The SurePrompts Quality Rubric: A 7-Dimension Framework for Scoring Prompts

Q: What is the SurePrompts Quality Rubric?

A 7-dimension framework for scoring prompt quality: role clarity, context sufficiency, instruction specificity, format structure, example quality, constraint tightness, and output validation. Each scored 1-5, for a max score of 35. Designed to replace vague 'this prompt feels off' judgments with concrete, actionable scores.

Q: How many points is a good prompt?

28+ out of 35 (80%) is the threshold for a prompt we'd ship. 21-27 is a working draft that still has gaps. Below 21 is a prompt that's likely to fail in subtle ways — even if it runs, it isn't reliable.

Q: Do you have to score every dimension?

For high-stakes prompts (production, customer-facing, agent systems) yes, score all seven. For one-off queries, scoring the top three weak spots is enough. The rubric is a diagnostic, not a gate — the point is faster iteration, not ceremony.

Q: How does this differ from RCAF?

RCAF is a structure (Role · Context · Action · Format) — a prompt skeleton. The Quality Rubric is an evaluation tool — how well is any given prompt (RCAF-shaped or not) actually doing? Use them together: RCAF to draft, Rubric to audit.

Q: Can the Rubric be automated?

Partially. Role clarity, format structure, and constraint tightness have objective signals (presence of a role line, presence of format instructions, counted constraints). Context sufficiency and example quality require judgment — either human or LLM-as-judge. Output validation can be tested empirically by running the prompt on a known-answer eval set.

Q: Does the Rubric work for agent prompts?

Yes, with one adjustment: weight constraint tightness and output validation more heavily. Agent prompts fail differently from one-shot prompts — they drift over steps, call tools incorrectly, and produce unrecoverable errors. High scores on constraints and validation predict agent reliability more than a high overall score.

Q: How do I use the Rubric during iteration?

Score the draft. Pick the lowest-scoring dimension. Make one change that specifically raises that dimension. Re-score. Repeat until you hit 28+ or plateau. The discipline is 'improve the weakest dimension next,' not 'make everything better at once' — the latter loses focus.
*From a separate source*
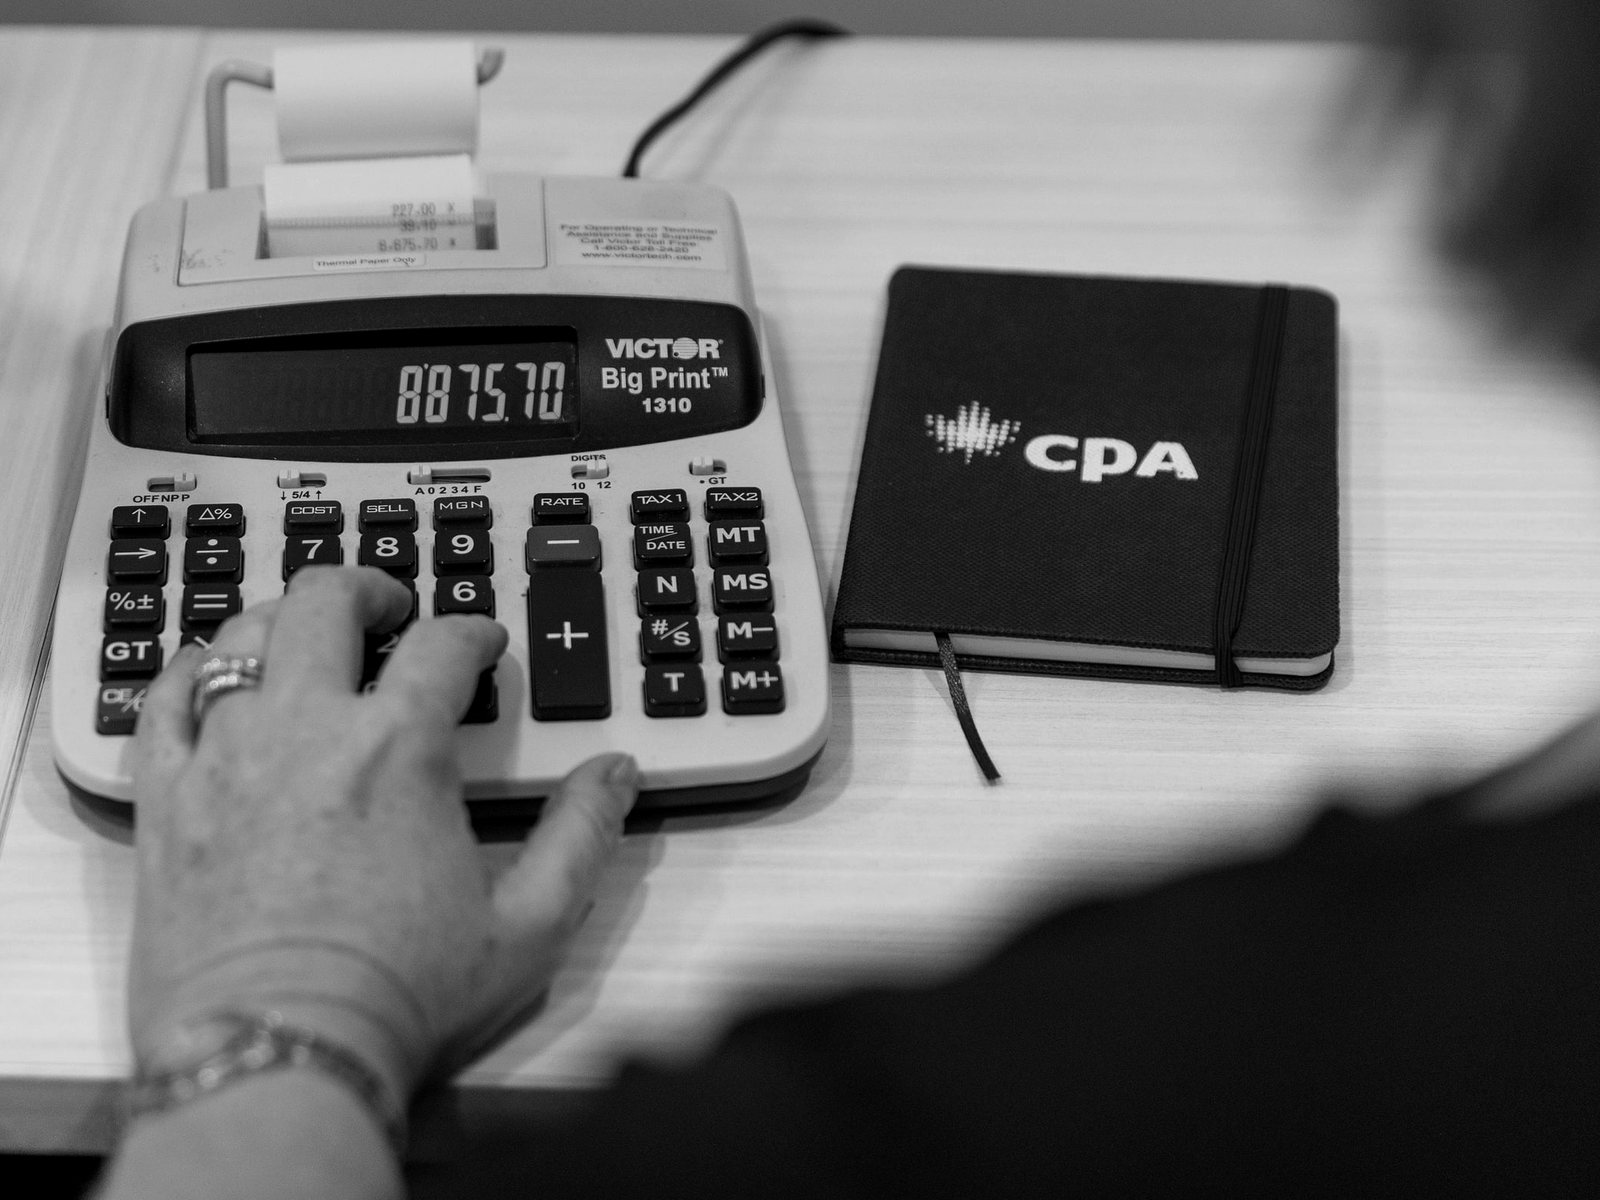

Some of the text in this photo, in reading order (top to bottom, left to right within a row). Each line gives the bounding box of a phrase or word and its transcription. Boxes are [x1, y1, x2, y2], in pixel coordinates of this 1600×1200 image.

Q: Is a perfect 35/35 achievable?

Rarely, and not always desirable. A 35 prompt is exhaustively specified — which can overfit the prompt to a narrow task and make it brittle when the task shifts. Most production prompts sit 28-32. If you're scoring 35, check whether you've over-constrained and are losing flexibility.

Imtiaz Rayhan

Key takeaways:

The Rubric scores, it does not judge. 7 dimensions × 1-5 = max 35. A low score on one dimension is a specific fix to make next, not a verdict on the whole prompt.
Output validation is the most under-built dimension. Prompts that score well everywhere else but 1 on validation cause production incidents disproportionately often.
28+ ships. 21-27 needs revision. Below 21 is not yet functional. The thresholds are deliberate, not arbitrary percentages.
RCAF to draft, Rubric to audit. Pair the Rubric with RCAF Prompt Structure — use both, not one.
For agent prompts, weight constraint tightness and output validation higher. Agents fail differently from one-shot prompts; a 28 one-shot can be a 22 agent prompt if the weighting is not adjusted.

Why a rubric at all?

Most prompt improvement today happens by vibe. A prompt "feels off," so the engineer tweaks wording until it "feels better." This works for simple prompts and breaks at scale: two engineers can't agree on what "better" means, a good prompt on Monday stops working on Thursday, and nobody can explain why.

A rubric replaces vibe with dimensions. Instead of this prompt is bad, you say this prompt scores 2/5 on output validation. That statement is actionable — you can add output validation and rescore.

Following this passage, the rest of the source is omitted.